Nanoelectronics

As nanoelectronics integrated circuits are referred to, whose structure widths are (smallest, about structuring processes such as lithography realizable dimensions in integrated circuits ) below 100 nm. However, this is only a rough classification and the concept of nanoelectronics is not subject to strict definition, since the transition between microelectronics and nanoelectronics is smooth.

Background

The structures in microelectronics have been getting smaller in recent decades, see Scaling ( microelectronics ). Currently (2011 ) Products with minimum feature sizes of 0.032 microns and 32 nm are produced in microelectronics. This largely remained the same or modified manufacturing principles as 20 years ago are used as the smallest feature sizes in an integrated circuit still amounted to about one micrometer. This trend will continue in the coming years in order to enable higher performance in even smaller parts at even lower costs. Due to this development, this area is often referred to as nano-electronics, which is not based effected by the use of new concepts to known physical effects, but based on "conventional" approaches.

Base material for microelectronics forms for several decades the semiconductor silicon. Is responsible for among other things the control of the single crystal manufacturing process, and especially in combination with its oxide (silicon dioxide), which is used as an insulator material, and has very good adhesion properties on silicon. So far the development of manufacturing processes for silicon crystals now allows the large-scale production of high quality crystals for substrates (wafers) with diameters of 300 mm.

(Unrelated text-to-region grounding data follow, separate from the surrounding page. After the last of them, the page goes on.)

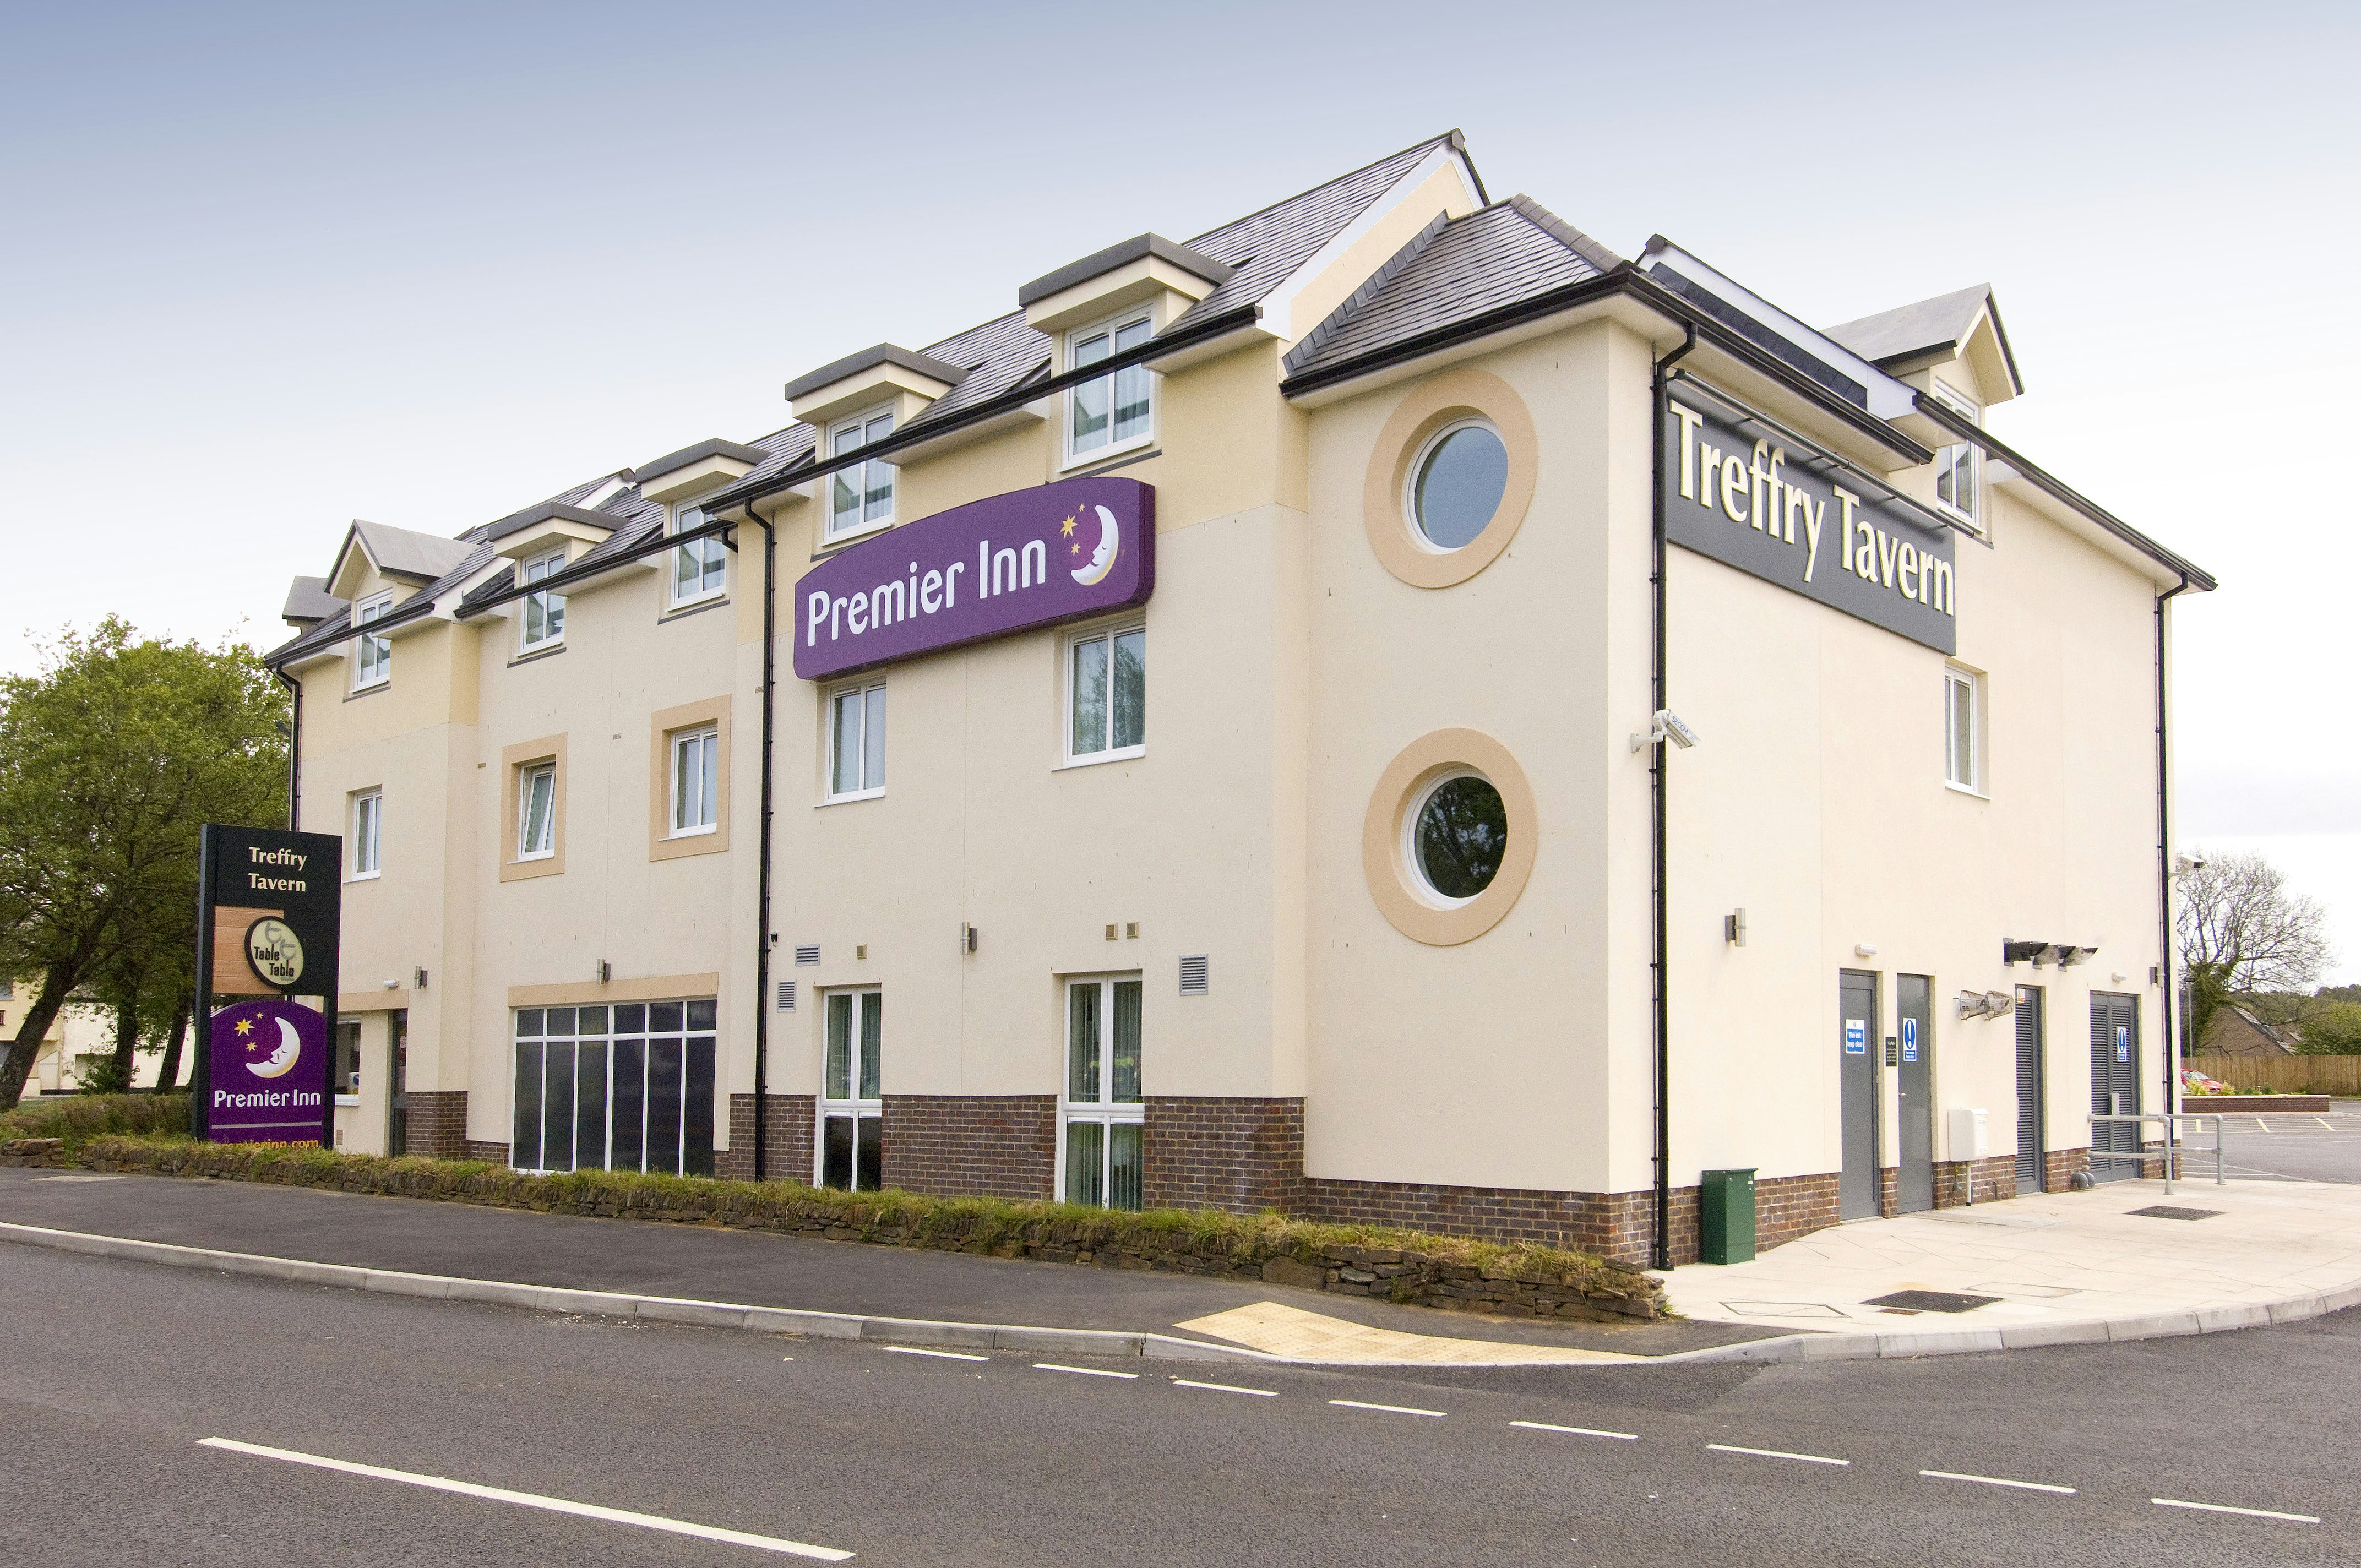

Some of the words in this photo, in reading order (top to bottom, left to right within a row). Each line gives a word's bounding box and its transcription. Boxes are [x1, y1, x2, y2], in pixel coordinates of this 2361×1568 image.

[1670, 399, 1825, 582] Treffry
[1833, 485, 1954, 616] Tavern
[808, 561, 964, 646] Premier
[978, 539, 1046, 598] Inn
[249, 847, 307, 871] Treffry
[248, 873, 306, 892] Tavern
[254, 944, 279, 961] Table
[269, 960, 295, 977] Table
[214, 1090, 290, 1108] Premier
[293, 1089, 320, 1106] Inn
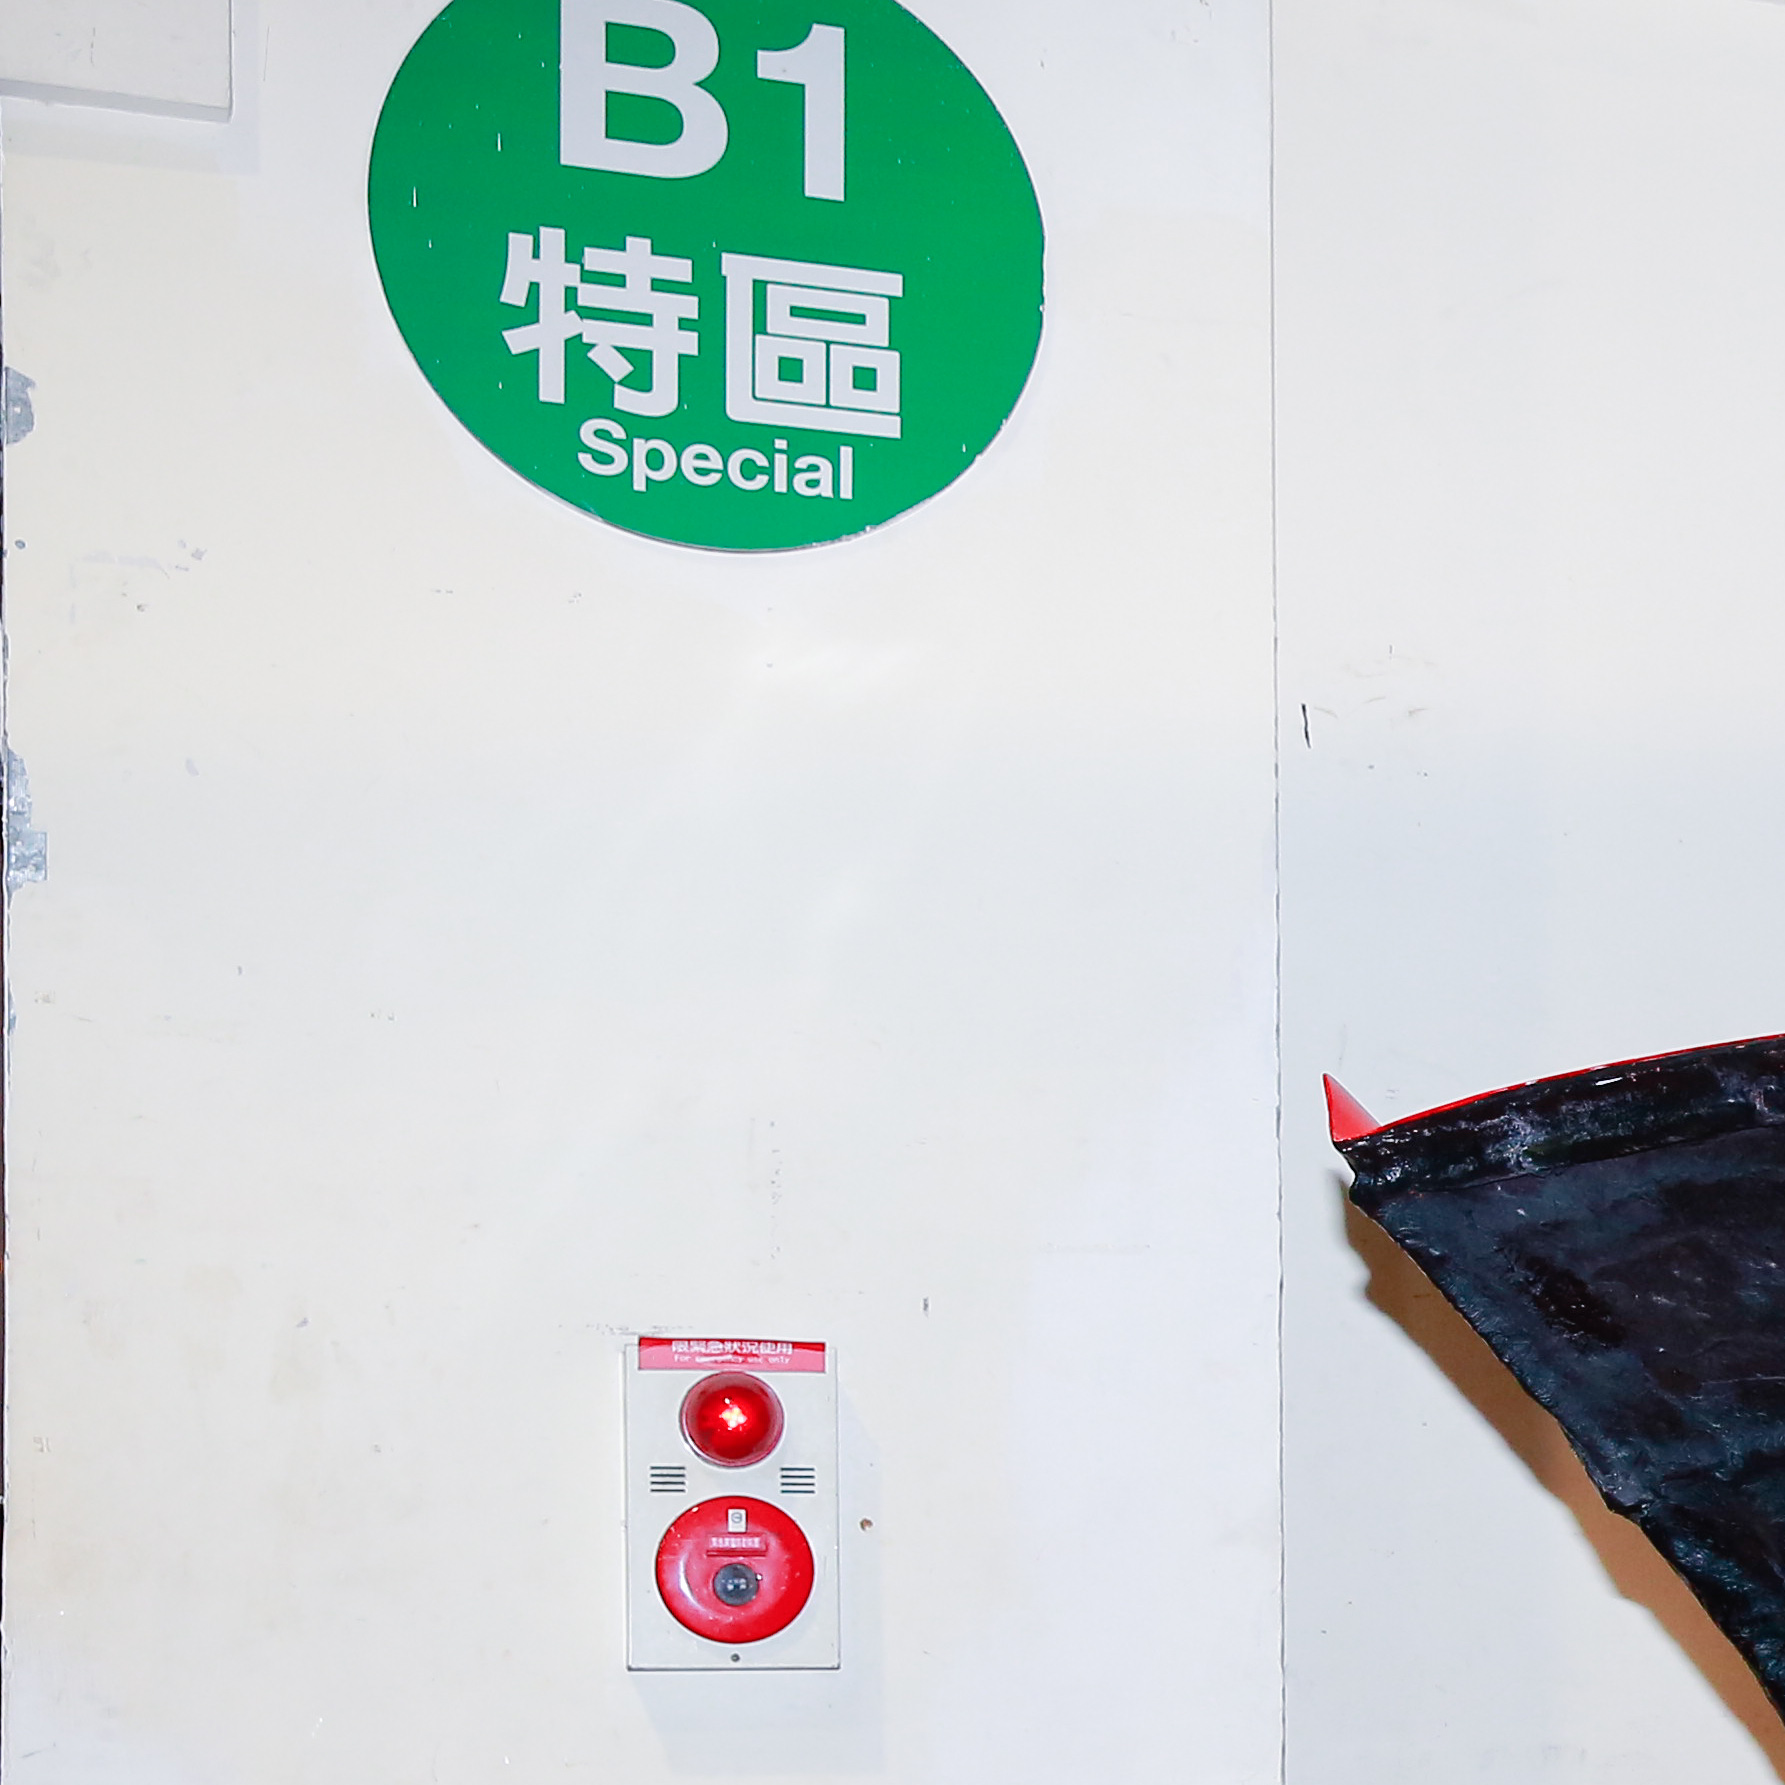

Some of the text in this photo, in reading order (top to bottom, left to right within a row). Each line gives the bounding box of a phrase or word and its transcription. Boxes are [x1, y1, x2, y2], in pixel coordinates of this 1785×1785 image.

[559, 0, 846, 202] B1
[500, 226, 904, 439] 特區
[577, 418, 855, 500] Special

Nevertheless, as always, but more noticeable with decreasing feature sizes leakage currents and quantum effects, it will be necessary in the coming years to integrate new concepts, such as the Y- transistor, and materials in the manufacturing process. Only in this way will it be possible to further increase the performance of electronic components and simultaneously reduce the cost. The end of this development was at several times predicted in the last twenty years, the existing problems, especially held for insurmountable physical limits in the manufacturing process, but could be overcome again and again. However, the "conventional" approaches will be eventually exhausted, and it will be necessary to develop completely new concepts.

An example is the extreme ultraviolet lithography ( EUVL ). For the next decade is expected to continue this miniaturization down to 16 nm and below. The conventional photolithography - current ( 2012) UV light with a wavelength of 193 nm ( argon fluoride excimer laser ) - but then pushes for physical reasons to its limit. In addition, even extensive changes to the existing plant technology are no longer sufficient to meet the technical requirements.

Objectives and fields of application

Objective of nanoelectronics is to miniaturize electronic components to the nanometer range in order to increase computing capacity and ultimately the speed of computer chips. These especially are to be researched and improved the electronic properties of nanostructures. In addition, it is necessary to optimize the structure of computer chips. The laws of quantum physics to be harnessed for the electronics.

Furthermore, the nanoelectronics to better techniques and equipment for the electronics manufacturing and supply through new circuits and components optimize the logic operation, storage and processing of data. It is expected that analogous to the development of microelectronics technological progress in almost all industries has a positive influence and that as a result an even higher functionality of devices will be available at a lower cost.

Fields of application for nanoelectronics are consumer electronics, automation technology, medical technology, mobile communication devices, computers, navigation, sensors, cars and all areas technology -oriented research, in which the highest precision measuring instruments are used.